The metal, viewed as a bellwether for the global economy, fell 11 per cent on the week and touched its lowest since January 2016 on Thursday at $US4,371 a tonne.
The global economy is already in a recession as the hit to economic activity from the coronavirus pandemic has become more widespread, a Reuters poll showed.
“If this is a prolonged downturn, metals demand could be hit quite hard,” WisdomTree analyst Nitesh Shah said.
The Bank of England promised 200 billion pounds of bond purchases and cut its key interest rate for the second time in a little more than a week after stimulus by the European Central Bank and others around the world.
Top metals consumer China unexpectedly left its own key lending rate unchanged, but is set to unleash trillions of yuan of stimulus to revive an economy expected to shrink for the first time in decades, policy sources said.

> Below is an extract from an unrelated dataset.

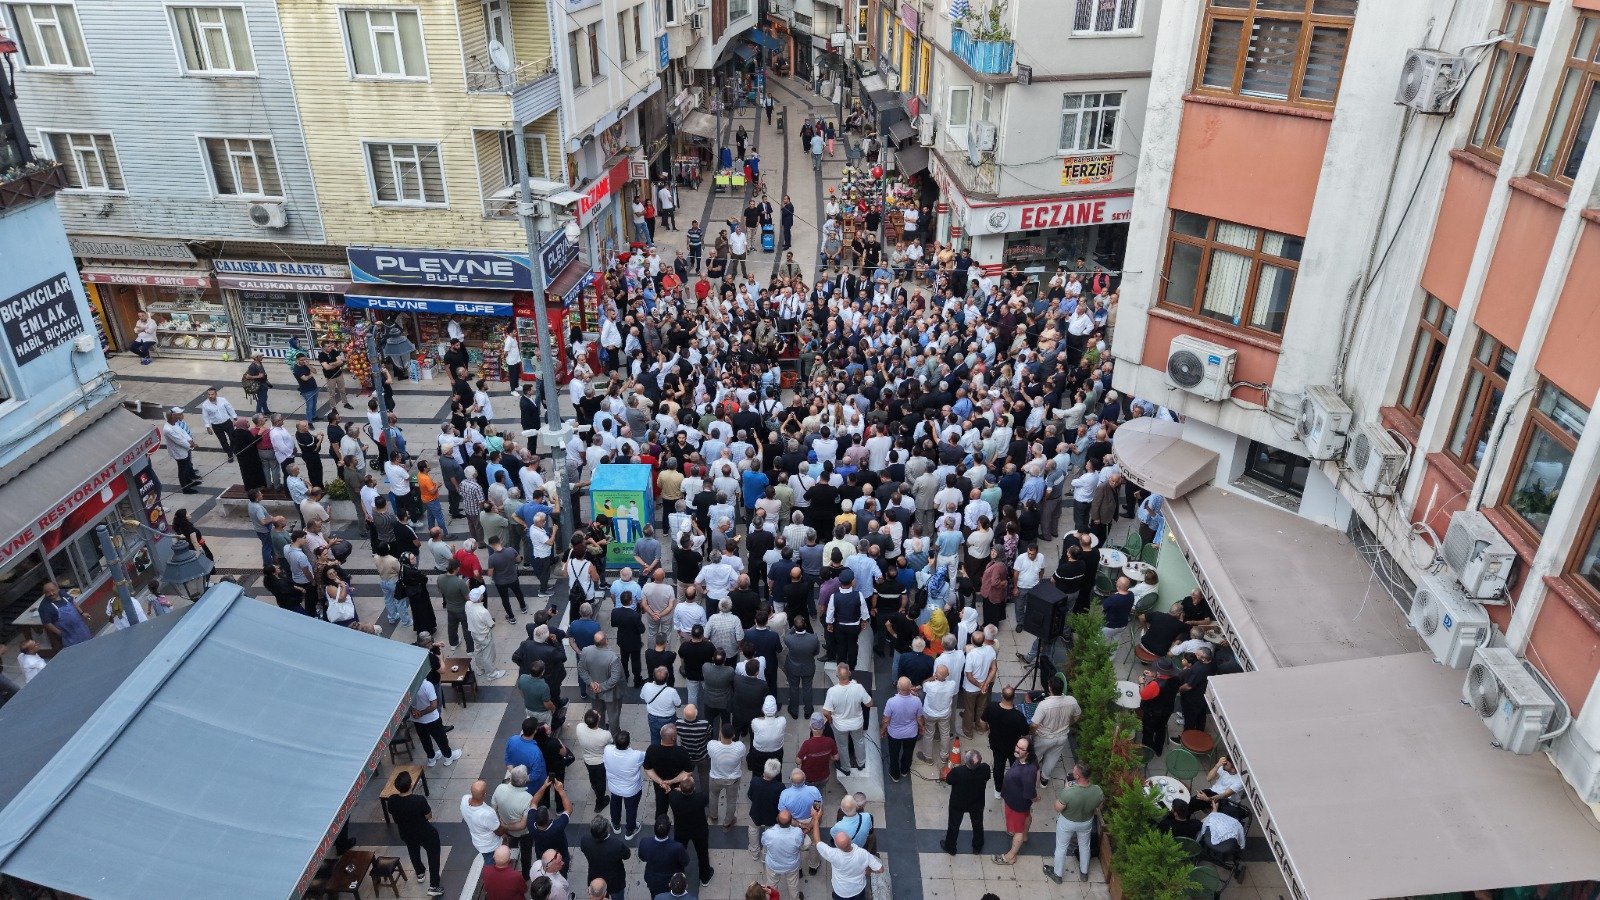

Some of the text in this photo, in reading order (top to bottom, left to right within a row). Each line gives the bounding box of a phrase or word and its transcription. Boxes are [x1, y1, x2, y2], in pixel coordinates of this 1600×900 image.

Copper inventories in China fell this week for the first time since January 10, exchange data showed, as downstream metal consumers hit by the coronavirus come closer to restoring normal operations.
Stocks of copper in warehouses tracked by the Shanghai Futures Exchange fell 0.7 per cent after reaching their highest in nearly four years at 377,247 tonnes last week.
Copper spreads have tightened, which is usually an indicator of plentiful supply. LME cash copper’s discount to the three-month contract fell to $US4.75 a tonne, its weakest since May 2019.
Anglo American on Friday said it would reschedule work at mines in countries such as Chile to help to contain the spread of the coronavirus, while Glencore said it would review its Zambia copper operations.
Antofagasta said it would slow planned expansion at its copper mine in Chile as it reduced staff for 15 days.
LME aluminium eased 2.9 per cent to $US1,582 a tonne, zinc was steady at $US1,848, lead rose 2.1 per cent to $US1,659 and nickel eased 0.2 per cent to $US11,225.
Tin was up 0.4 per cent to $US13,950 after touching $US12,715, its lowest since July 2009.